All of which puts Fisk in an enviable if challenging spot. The program is a beta test of sorts as other HBCUs watch from afar to see how Fisk handles the massive logistical and economic hurdles that come with launching a program.
The Bulldogs don’t have an on-campus facility and are currently training at a club gym a few miles from campus, though they are fundraising in hopes of remedying that soon. They are competing this year as an independent while waiting to get their NCAA status sorted out.
And Tarver immediately threw the program into the deep end of the pool. Their inaugural schedule includes meets at Michigan, Georgia and Rutgers.
“It would have been really easy to just put in schools that were not as strong and then make our whole schedule like that and then just hope for the best,” Tarver said. “But I didn’t want to do that. I wanted them to realize that they belong on that stage.”
In that way, Tarver is following through on her recruiting pitch last spring, when she spent hours on Zoom asking young women of color to believe in something that had never existed before.
“Basically I pitched them on the dream,” Tarver said. “I told them they’ll be a part of history. Their names will go down in history as the first HBCU ever.”
It proved to be a far easier sell than Tarver imagined.
Morgan Price initially committed to Arkansas so she could compete with her older sister, Frankie. Yet once Fisk announced it was going to take the ambitious step of competing in 2023, Price felt drawn to the opportunity.
“Since we are the first, it’s kind of special,” Price said. “We get to build it from the ground up.”

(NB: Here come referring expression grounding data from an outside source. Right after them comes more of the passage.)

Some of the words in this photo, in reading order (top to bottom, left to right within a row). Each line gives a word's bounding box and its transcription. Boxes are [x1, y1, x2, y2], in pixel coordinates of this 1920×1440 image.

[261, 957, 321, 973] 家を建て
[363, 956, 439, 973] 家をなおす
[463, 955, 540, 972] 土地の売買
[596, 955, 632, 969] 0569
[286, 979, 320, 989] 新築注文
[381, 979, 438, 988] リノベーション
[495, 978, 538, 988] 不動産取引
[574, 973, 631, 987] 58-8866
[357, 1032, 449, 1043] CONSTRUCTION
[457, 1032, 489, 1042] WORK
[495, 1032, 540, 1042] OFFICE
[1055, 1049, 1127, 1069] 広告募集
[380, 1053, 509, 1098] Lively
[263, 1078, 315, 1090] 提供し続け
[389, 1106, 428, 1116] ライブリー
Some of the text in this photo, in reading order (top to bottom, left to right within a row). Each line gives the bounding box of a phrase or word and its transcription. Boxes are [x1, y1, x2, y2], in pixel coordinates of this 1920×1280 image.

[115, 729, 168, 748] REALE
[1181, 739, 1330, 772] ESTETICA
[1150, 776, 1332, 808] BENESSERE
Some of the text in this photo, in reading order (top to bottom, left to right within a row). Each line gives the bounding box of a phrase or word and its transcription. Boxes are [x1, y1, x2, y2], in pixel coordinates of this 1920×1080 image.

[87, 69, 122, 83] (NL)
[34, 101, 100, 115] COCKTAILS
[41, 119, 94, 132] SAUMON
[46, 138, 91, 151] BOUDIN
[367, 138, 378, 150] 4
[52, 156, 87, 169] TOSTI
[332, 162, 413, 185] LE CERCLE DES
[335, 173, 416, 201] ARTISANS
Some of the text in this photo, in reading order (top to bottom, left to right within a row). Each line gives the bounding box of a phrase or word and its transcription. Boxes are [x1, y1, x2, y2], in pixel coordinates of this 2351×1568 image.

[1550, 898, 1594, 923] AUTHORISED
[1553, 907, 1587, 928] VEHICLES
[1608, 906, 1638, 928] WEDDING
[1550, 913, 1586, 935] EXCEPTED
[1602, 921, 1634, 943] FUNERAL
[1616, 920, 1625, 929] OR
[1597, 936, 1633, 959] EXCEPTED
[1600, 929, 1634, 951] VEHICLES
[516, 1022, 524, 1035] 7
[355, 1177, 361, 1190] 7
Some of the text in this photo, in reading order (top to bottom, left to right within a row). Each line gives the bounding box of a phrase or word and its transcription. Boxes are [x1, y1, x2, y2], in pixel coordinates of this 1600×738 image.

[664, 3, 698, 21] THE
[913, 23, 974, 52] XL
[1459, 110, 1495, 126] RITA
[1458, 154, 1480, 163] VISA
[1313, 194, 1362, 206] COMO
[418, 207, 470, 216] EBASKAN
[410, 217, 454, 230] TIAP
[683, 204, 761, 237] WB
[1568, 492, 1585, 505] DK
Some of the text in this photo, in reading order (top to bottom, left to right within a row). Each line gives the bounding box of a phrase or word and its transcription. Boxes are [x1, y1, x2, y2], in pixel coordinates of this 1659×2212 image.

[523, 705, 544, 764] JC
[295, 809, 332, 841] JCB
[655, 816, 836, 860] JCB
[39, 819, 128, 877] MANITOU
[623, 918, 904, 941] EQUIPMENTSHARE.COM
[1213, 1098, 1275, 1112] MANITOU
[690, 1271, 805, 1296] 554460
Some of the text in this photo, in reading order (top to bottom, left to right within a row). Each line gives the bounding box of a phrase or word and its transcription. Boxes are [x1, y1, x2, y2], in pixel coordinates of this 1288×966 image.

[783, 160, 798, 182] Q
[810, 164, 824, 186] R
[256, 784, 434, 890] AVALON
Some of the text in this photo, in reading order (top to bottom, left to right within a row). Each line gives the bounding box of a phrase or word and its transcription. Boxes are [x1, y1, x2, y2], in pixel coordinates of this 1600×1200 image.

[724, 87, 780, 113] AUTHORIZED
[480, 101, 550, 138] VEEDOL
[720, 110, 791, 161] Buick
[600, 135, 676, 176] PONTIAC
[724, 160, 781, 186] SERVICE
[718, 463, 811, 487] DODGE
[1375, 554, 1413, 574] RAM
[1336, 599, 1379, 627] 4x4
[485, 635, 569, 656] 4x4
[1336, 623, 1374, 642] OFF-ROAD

And yes, the perks of being the first don’t hurt. Several Bulldogs appeared on “The Jennifer Hudson” talk show in the fall. An Emmy-winning documentarian is following them throughout the season. The splash on social media has been sizable.
So has the splash in real life. When Price returned to her club gym in Texas shortly after committing to Fisk, the energy she felt from younger gymnasts of color as they peppered her with questions was palpable.
“They were telling me, ‘I can’t wait until I can be recruited so I can be an HBCU gymnast as well,’” Price said.
That’s the big-picture plan. Moore is optimistic several HBCU schools will follow in Fisk’s footsteps in the near future.
They just won’t be the first. That honor will go to the women in the blue-and-gold leotards who will salute the judges for the first time on Friday, as the team filled with athletes who “come from backgrounds where they were kind of told that they weren’t as good,” as Tarver put it, makes history.
Athletes who no longer have to choose between heritage and opportunity.
“Already being an HBCU, we’re the underdogs,” Cromartie said. “We haven’t had much time to practice. We don’t have the resources of other schools yet … but we are eager to prove we can keep up with everyone else. That we belong.”